=== Records for the task ===
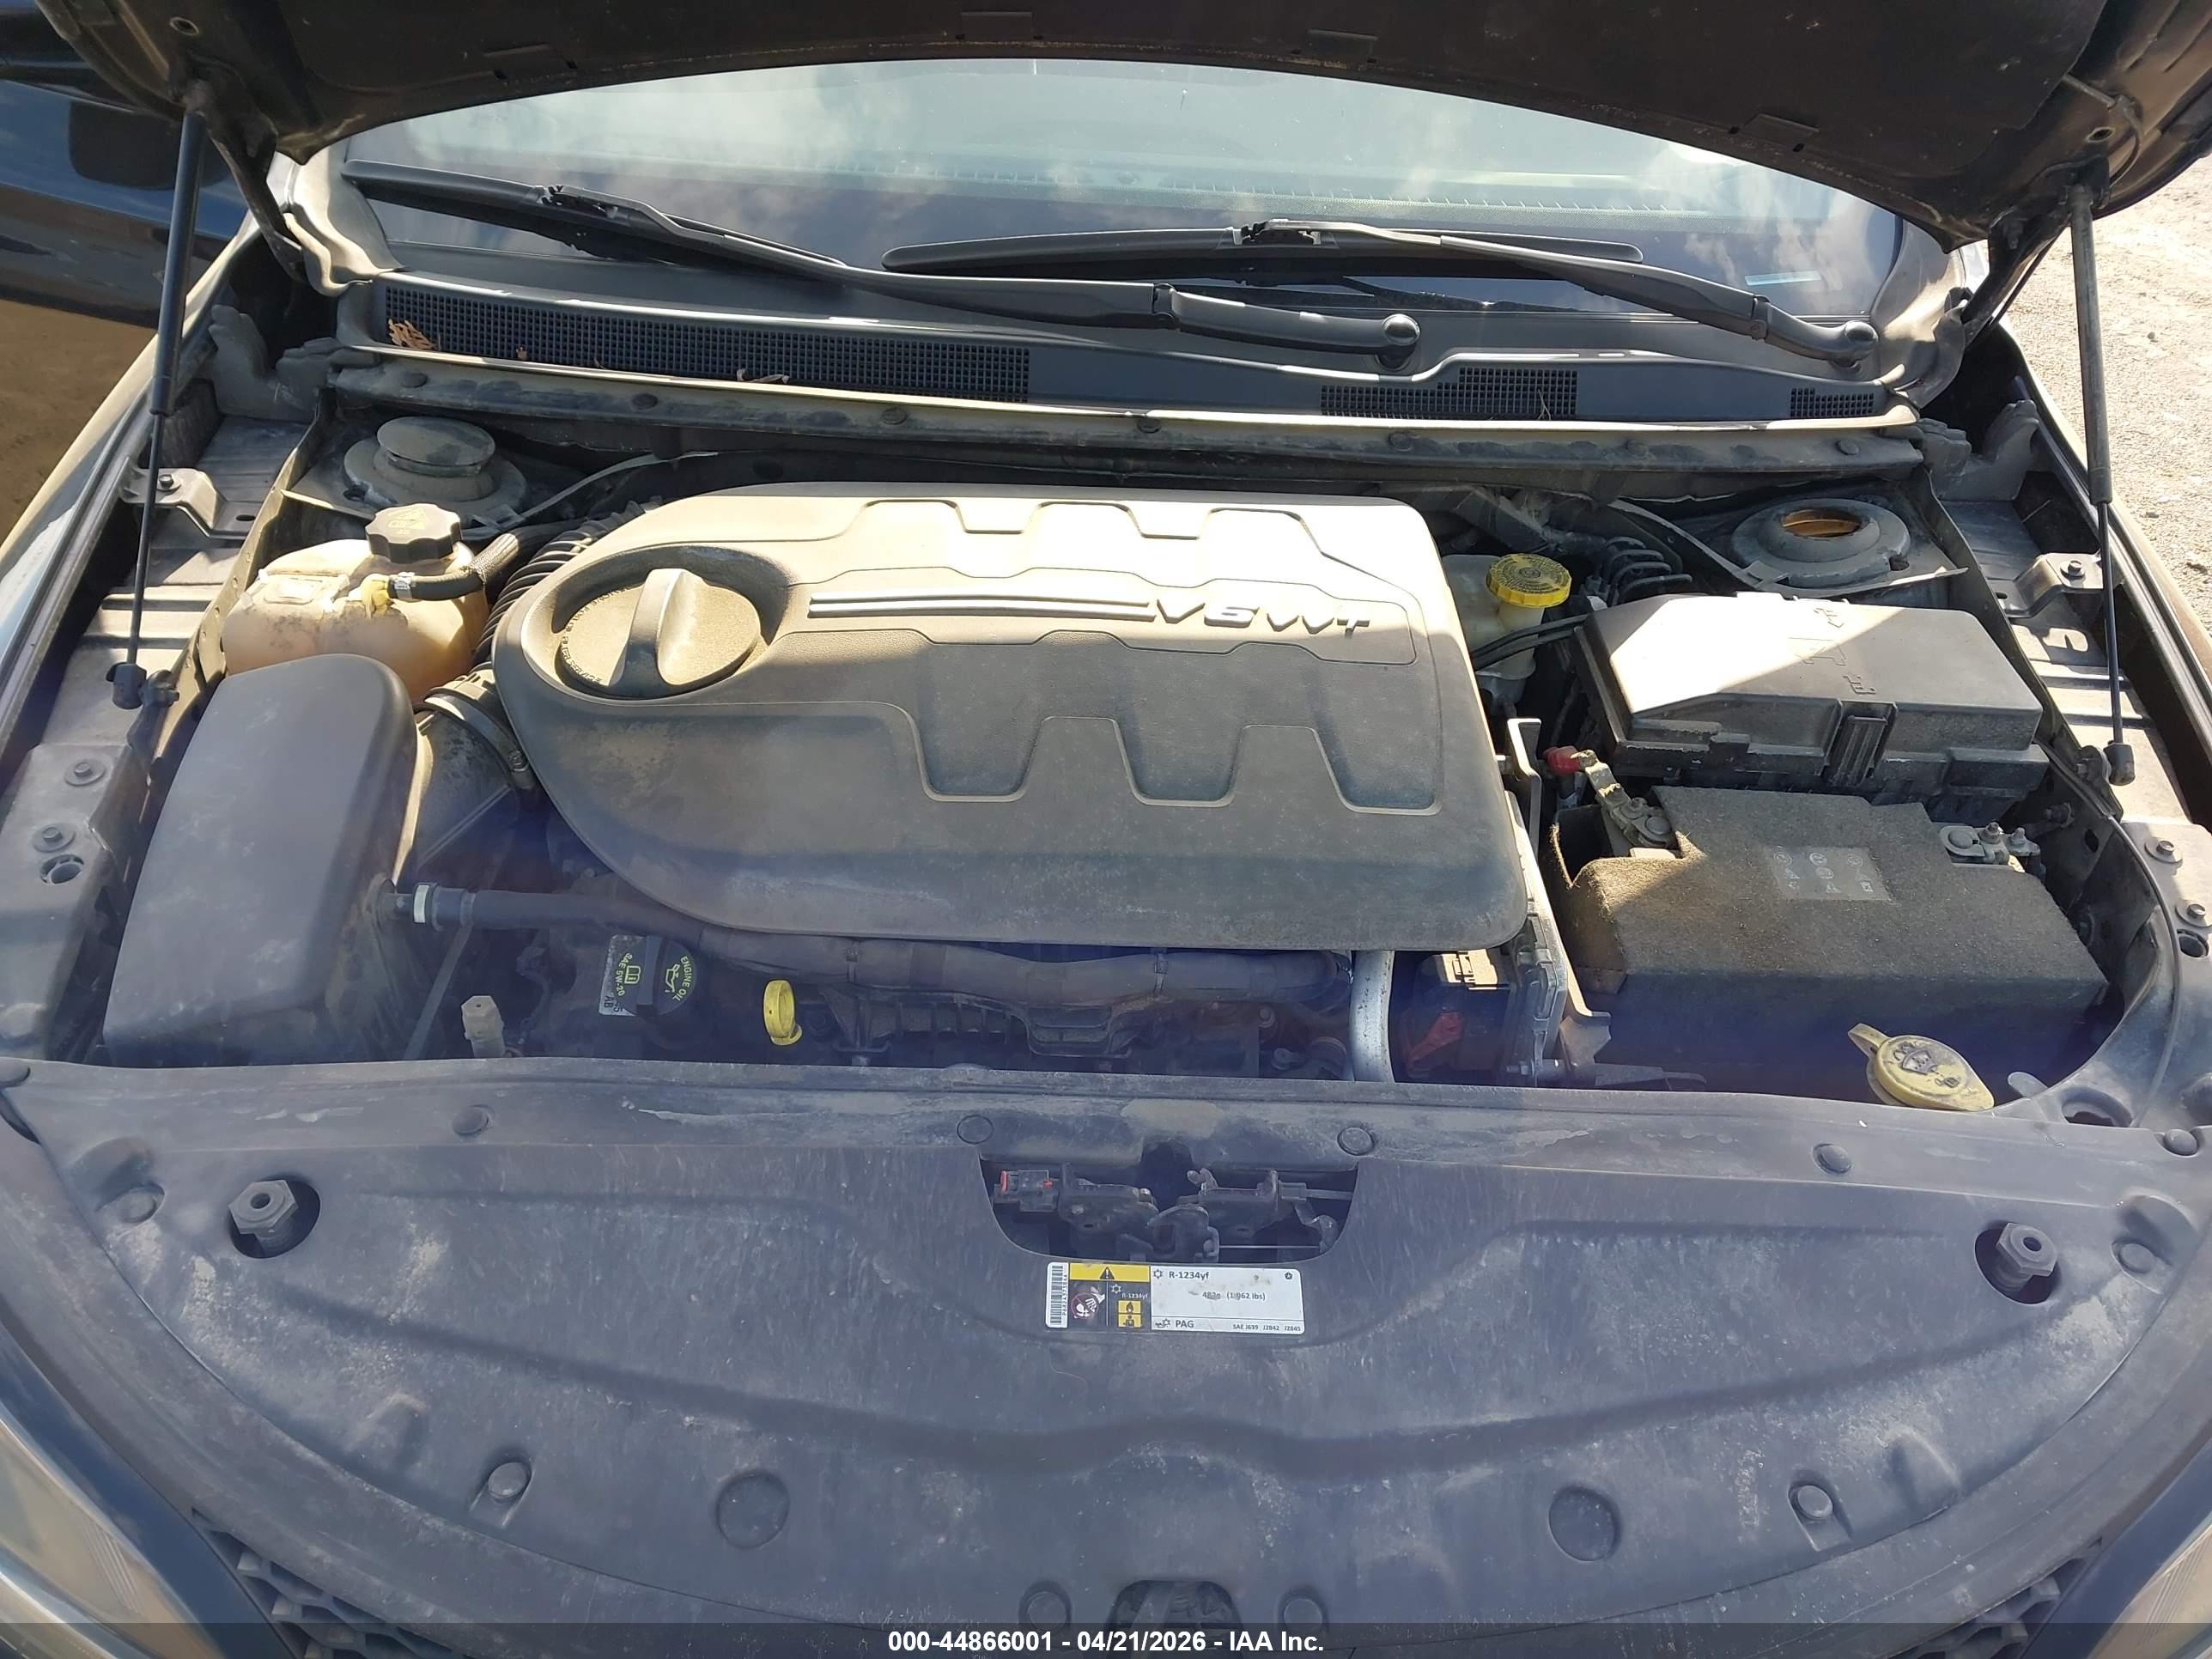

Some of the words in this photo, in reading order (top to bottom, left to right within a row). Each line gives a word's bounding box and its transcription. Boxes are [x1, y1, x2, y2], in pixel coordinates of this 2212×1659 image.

[617, 952, 633, 969] SAE
[680, 955, 692, 988] ENGINE
[614, 969, 626, 997] 5W-20
[672, 988, 687, 1002] OIL
[1169, 1270, 1209, 1281] R-1234yf
[1251, 1291, 1267, 1301] lbs)
[1175, 1320, 1194, 1329] PAG
===
Drop every image, please, and write out the data above exactly as shown.

Solution
Some of the words in this photo, in reading order (top to bottom, left to right within a row). Each line gives a word's bounding box and its transcription. Boxes are [x1, y1, x2, y2], in pixel coordinates of this 2212×1659 image.

[617, 952, 633, 969] SAE
[680, 955, 692, 988] ENGINE
[614, 969, 626, 997] 5W-20
[672, 988, 687, 1002] OIL
[1169, 1270, 1209, 1281] R-1234yf
[1251, 1291, 1267, 1301] lbs)
[1175, 1320, 1194, 1329] PAG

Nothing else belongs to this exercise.